■ GOAL OF THE EXERCISE ■
Only the images are to be dropped; the records themselves must be repeated exactly.

■ MATERIALS PROVIDED ■

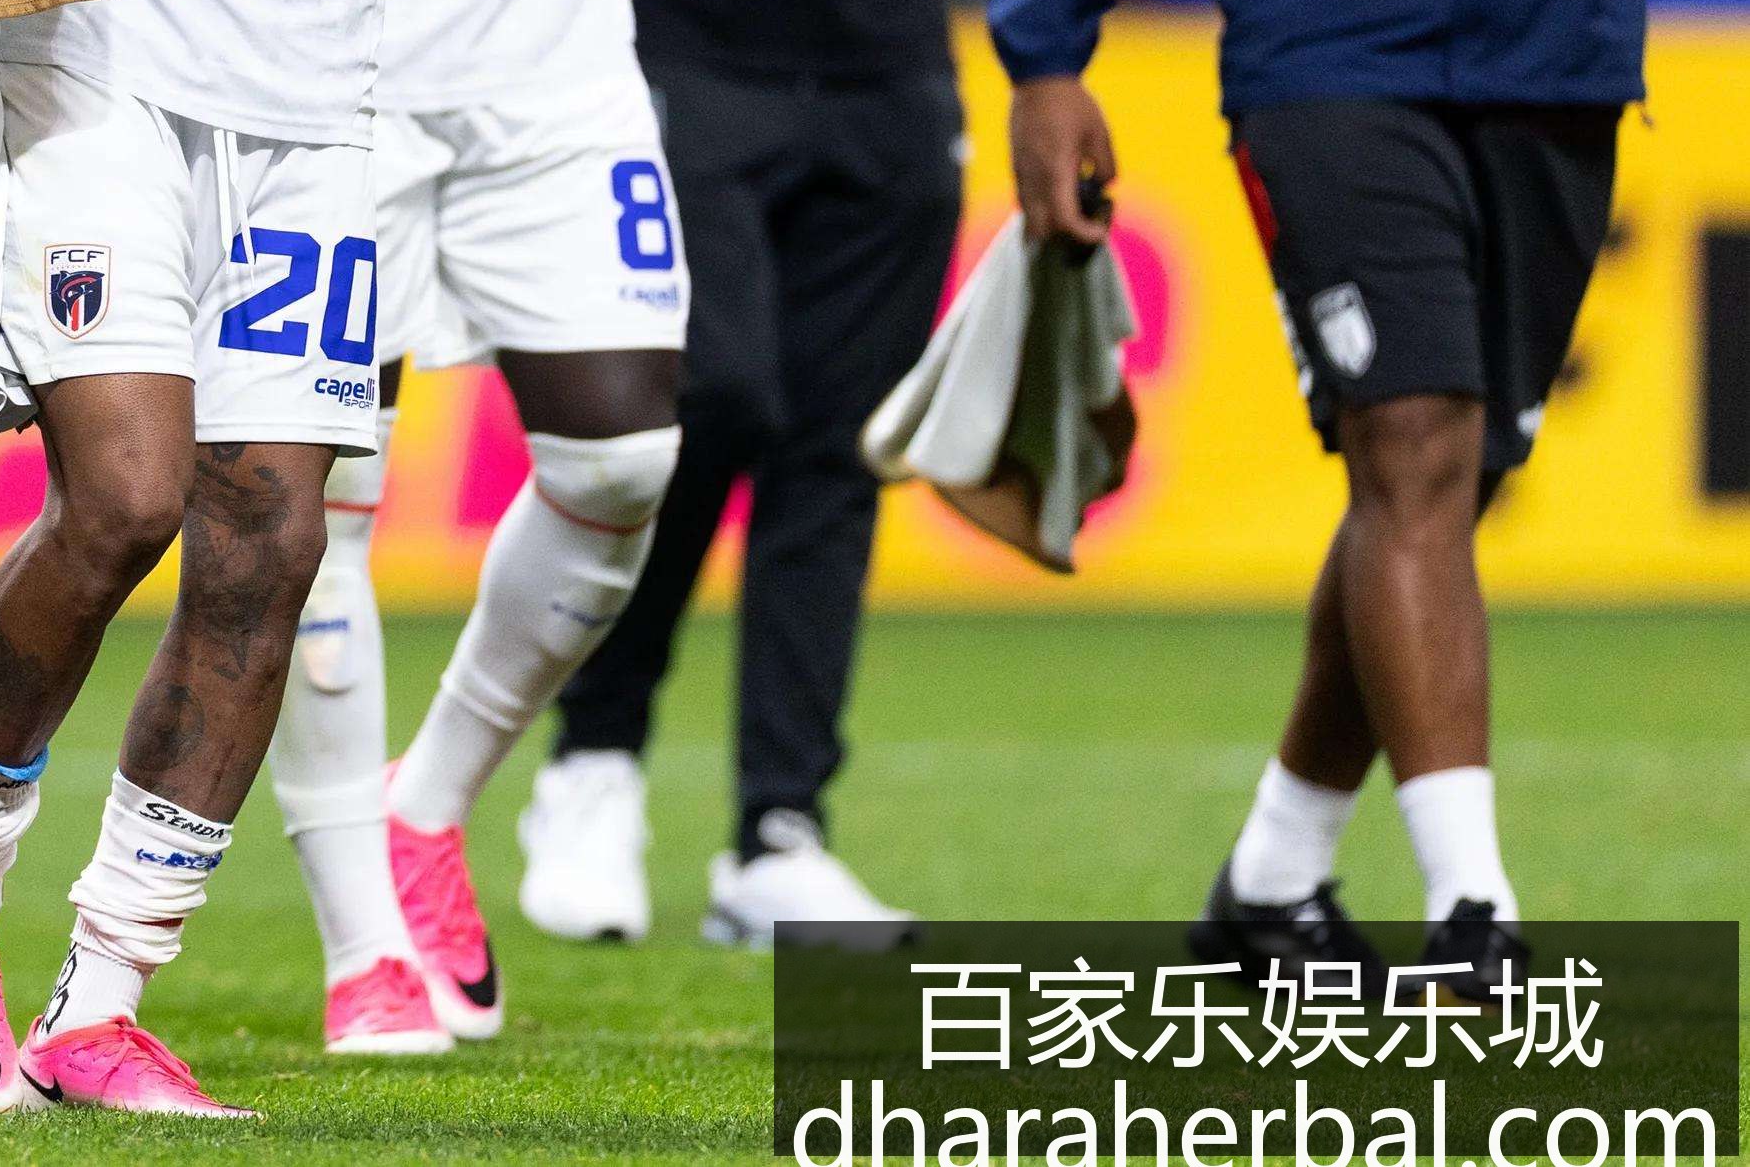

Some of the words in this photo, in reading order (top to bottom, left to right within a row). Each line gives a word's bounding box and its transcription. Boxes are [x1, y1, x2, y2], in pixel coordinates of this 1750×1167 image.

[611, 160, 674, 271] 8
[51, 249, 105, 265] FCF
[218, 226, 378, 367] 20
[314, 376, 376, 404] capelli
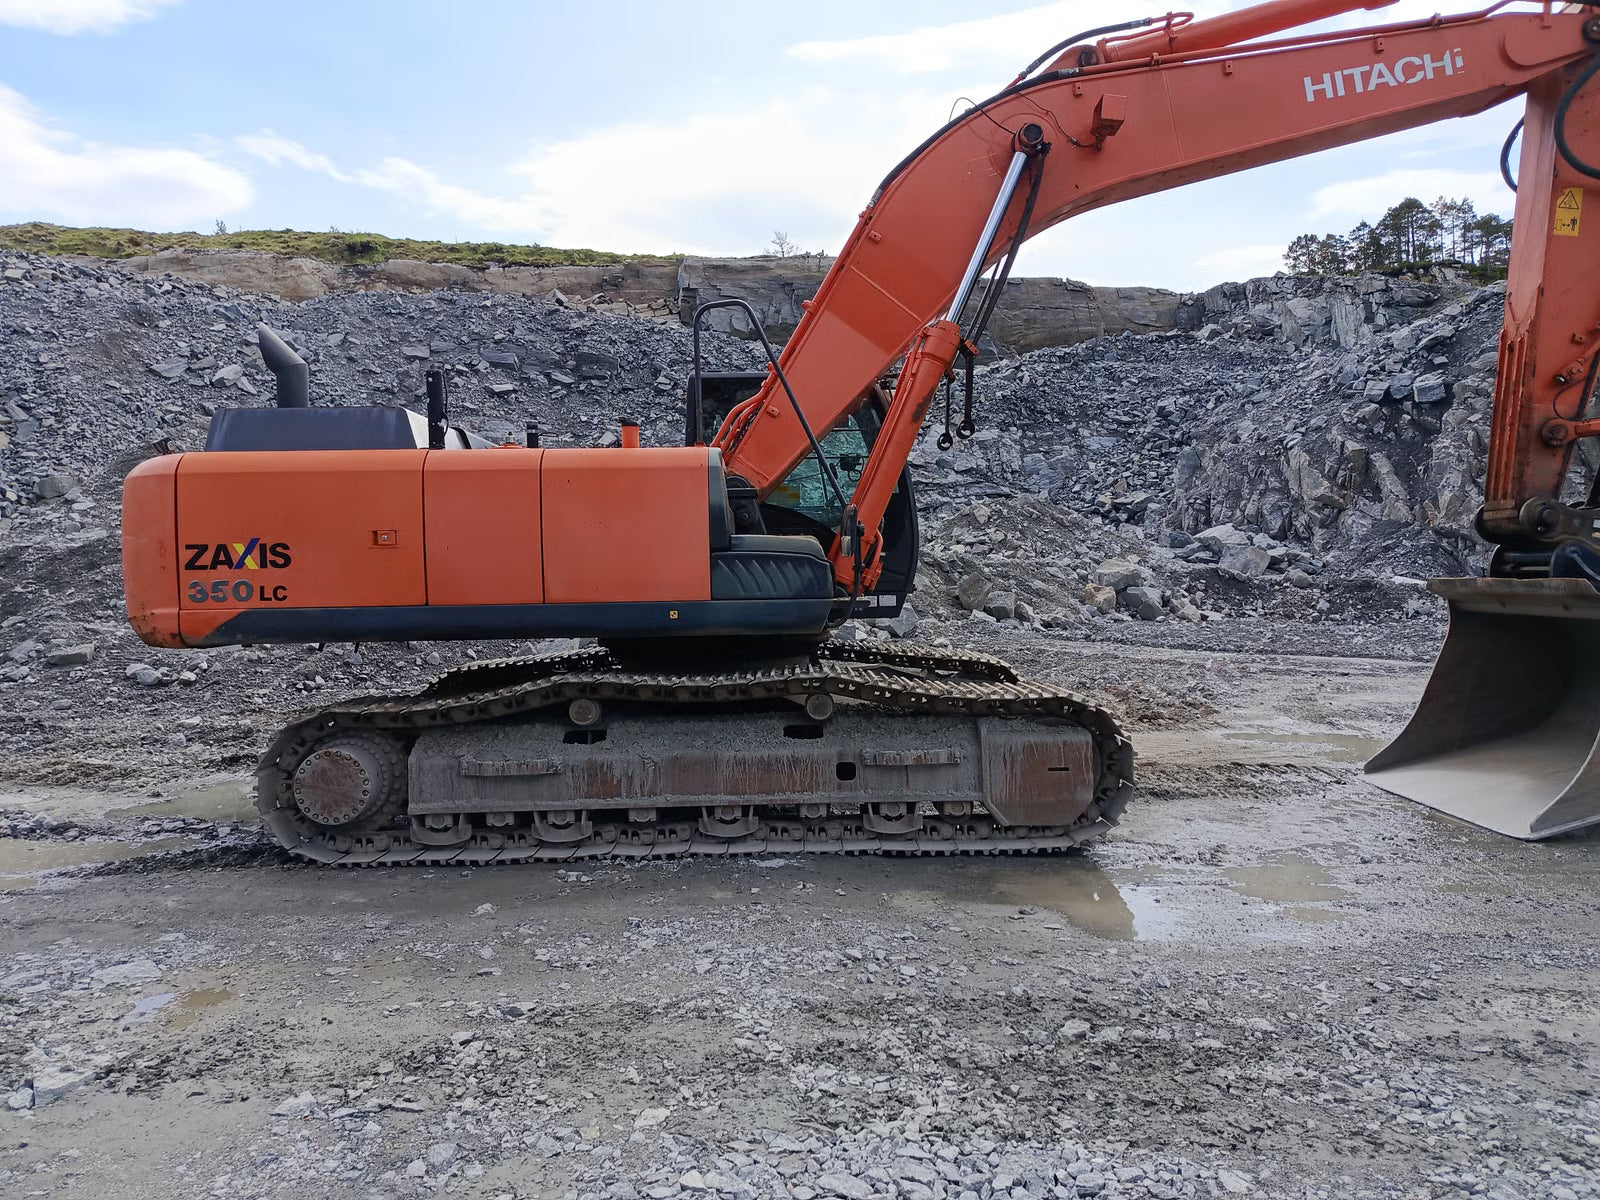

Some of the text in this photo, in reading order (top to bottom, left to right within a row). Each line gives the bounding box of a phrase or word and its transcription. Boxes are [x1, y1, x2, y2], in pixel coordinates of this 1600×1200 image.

■ TASK RESPONSE ■
Some of the words in this photo, in reading order (top to bottom, left to right within a row). Each line gives a word's bounding box and its transcription. Boxes are [x1, y1, x2, y2], in pixel coordinates of this 1750×1167 image.

[611, 160, 674, 271] 8
[51, 249, 105, 265] FCF
[218, 226, 378, 367] 20
[314, 376, 376, 404] capelli

Some of the text in this photo, in reading order (top to bottom, left to right within a row). Each line gives the bounding box of a phrase or word and its transcription. Boxes are [x1, y1, x2, y2], in pixel coordinates of this 1600×1200 image.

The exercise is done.